### Requirement
Transcribe all of the records word for word, but omit the pictures.

***

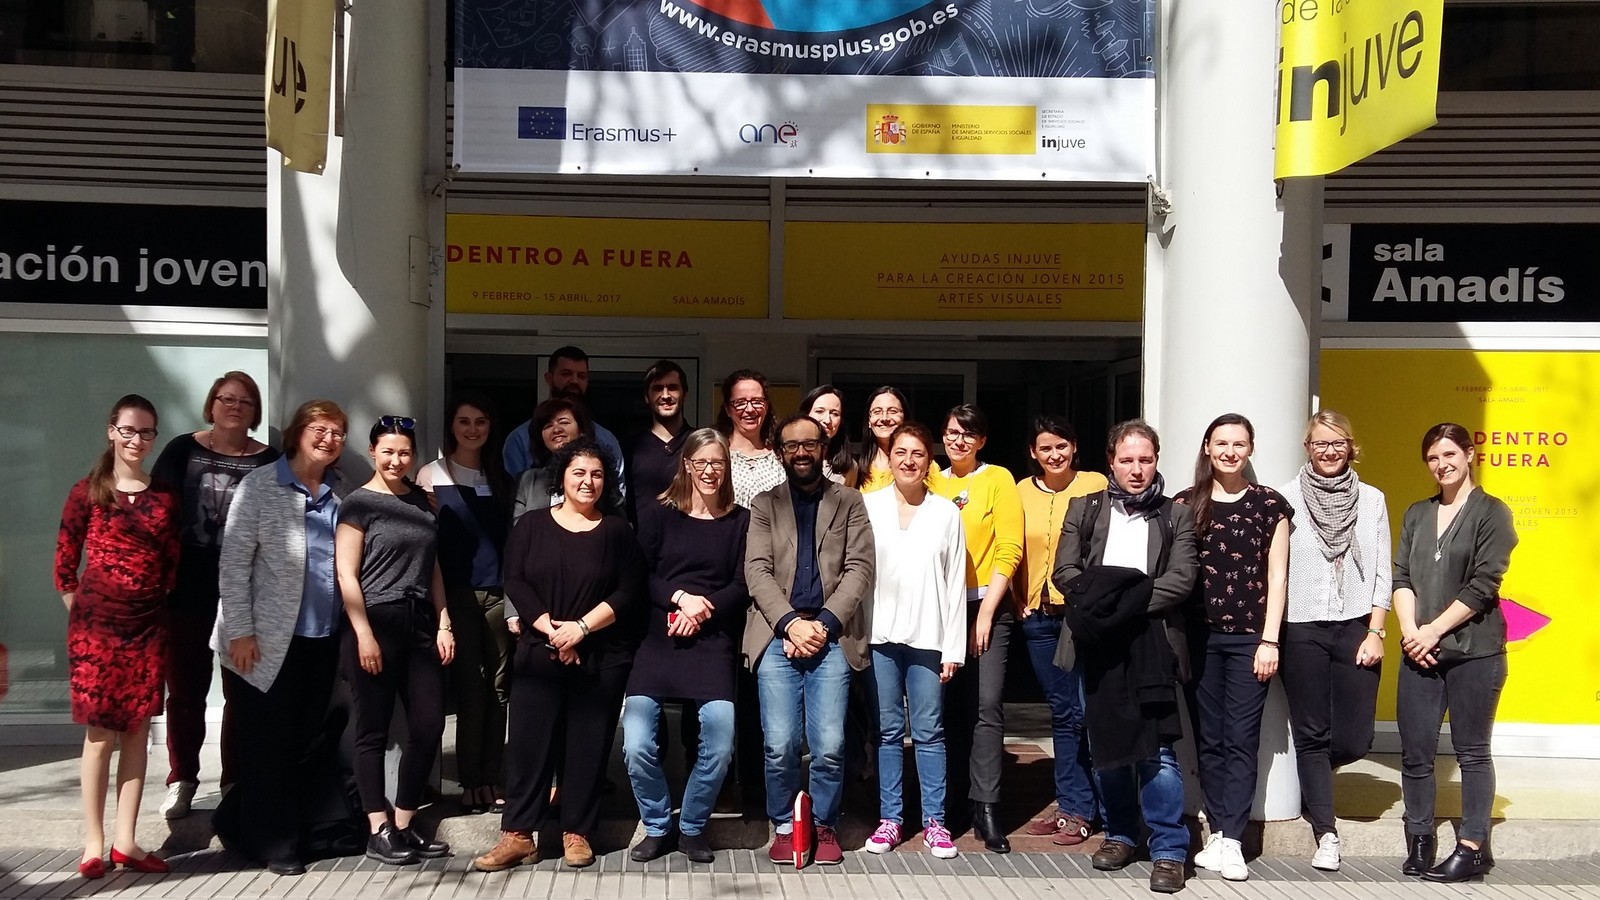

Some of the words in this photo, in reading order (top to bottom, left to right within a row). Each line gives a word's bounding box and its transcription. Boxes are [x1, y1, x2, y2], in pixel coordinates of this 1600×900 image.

[1282, 0, 1318, 24] de
[658, 0, 959, 62] www.erasmusplus.gob.es
[1276, 10, 1424, 136] injuve
[572, 123, 678, 143] Erasmus+
[1041, 135, 1086, 152] injuve
[447, 245, 563, 266] DENTRO
[572, 248, 590, 266] A
[602, 249, 693, 268] FUERA
[940, 253, 1000, 265] AYUDAS
[1007, 253, 1062, 265] INJUVE
[1373, 238, 1444, 262] sala
[135, 248, 267, 292] joven
[877, 272, 915, 284] PARA
[922, 273, 939, 284] LA
[946, 270, 1025, 285] CREACIÓN
[1032, 273, 1081, 285] JOVEN
[1089, 273, 1125, 285] 2015
[1372, 267, 1566, 303] Amadís
[472, 291, 479, 299] 9
[482, 291, 532, 301] FEBRERO
[543, 293, 555, 301] 15
[597, 294, 621, 303] 2017
[672, 295, 699, 305] SALA
[703, 295, 745, 306] AMADÍS
[938, 293, 985, 304] ARTES
[991, 293, 1062, 305] VISUALES
[1474, 431, 1568, 446] DENTRO
[1477, 453, 1550, 467] FUERA
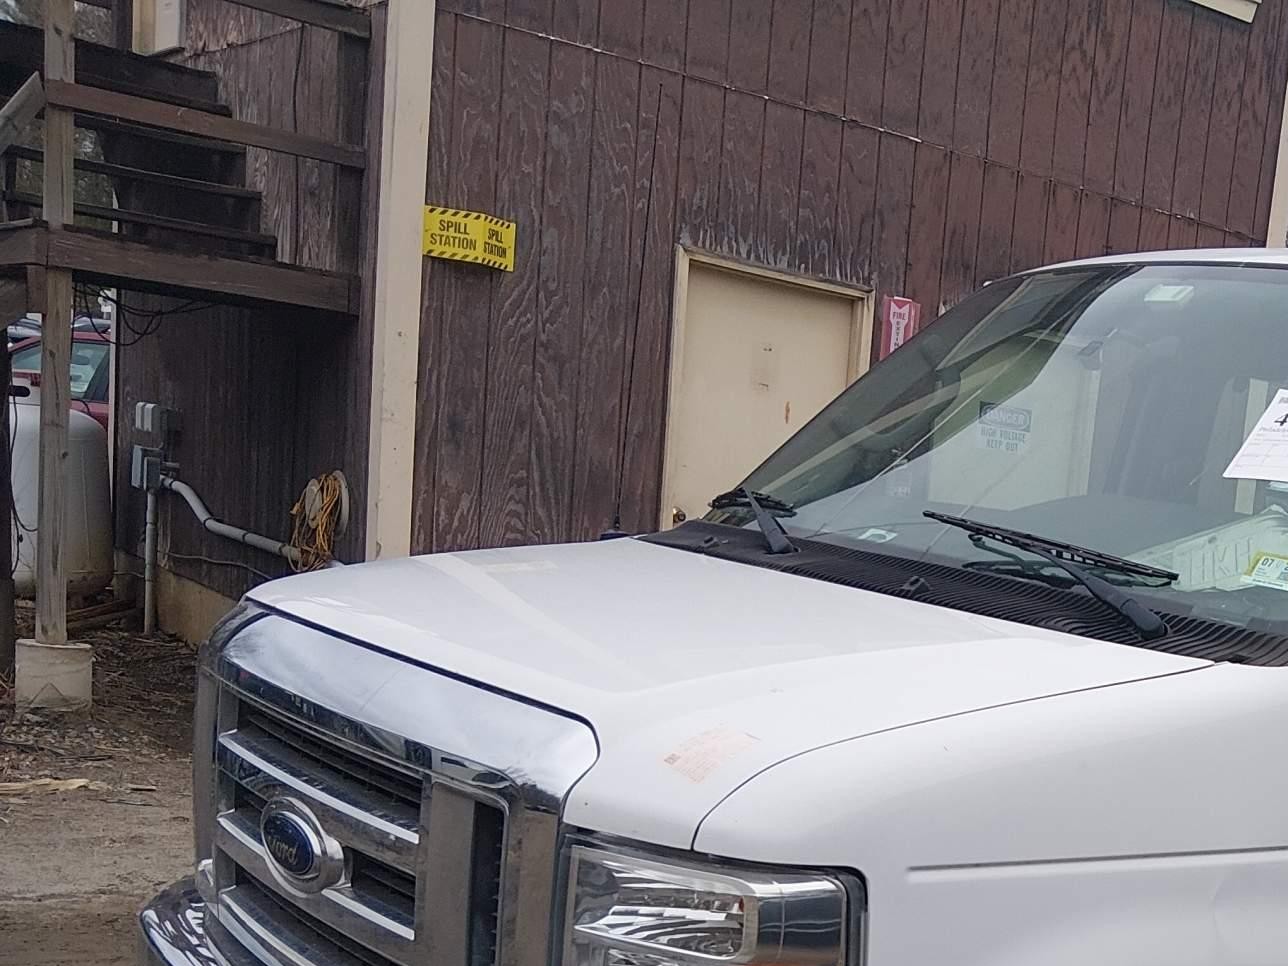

***

### Task output
Some of the words in this photo, in reading order (top to bottom, left to right within a row). Each line gives a word's bounding box and its transcription. Boxes are [x1, y1, x2, y2], in pixel coordinates of this 1600×900 image.

[1282, 0, 1318, 24] de
[658, 0, 959, 62] www.erasmusplus.gob.es
[1276, 10, 1424, 136] injuve
[572, 123, 678, 143] Erasmus+
[1041, 135, 1086, 152] injuve
[447, 245, 563, 266] DENTRO
[572, 248, 590, 266] A
[602, 249, 693, 268] FUERA
[940, 253, 1000, 265] AYUDAS
[1007, 253, 1062, 265] INJUVE
[1373, 238, 1444, 262] sala
[135, 248, 267, 292] joven
[877, 272, 915, 284] PARA
[922, 273, 939, 284] LA
[946, 270, 1025, 285] CREACIÓN
[1032, 273, 1081, 285] JOVEN
[1089, 273, 1125, 285] 2015
[1372, 267, 1566, 303] Amadís
[472, 291, 479, 299] 9
[482, 291, 532, 301] FEBRERO
[543, 293, 555, 301] 15
[597, 294, 621, 303] 2017
[672, 295, 699, 305] SALA
[703, 295, 745, 306] AMADÍS
[938, 293, 985, 304] ARTES
[991, 293, 1062, 305] VISUALES
[1474, 431, 1568, 446] DENTRO
[1477, 453, 1550, 467] FUERA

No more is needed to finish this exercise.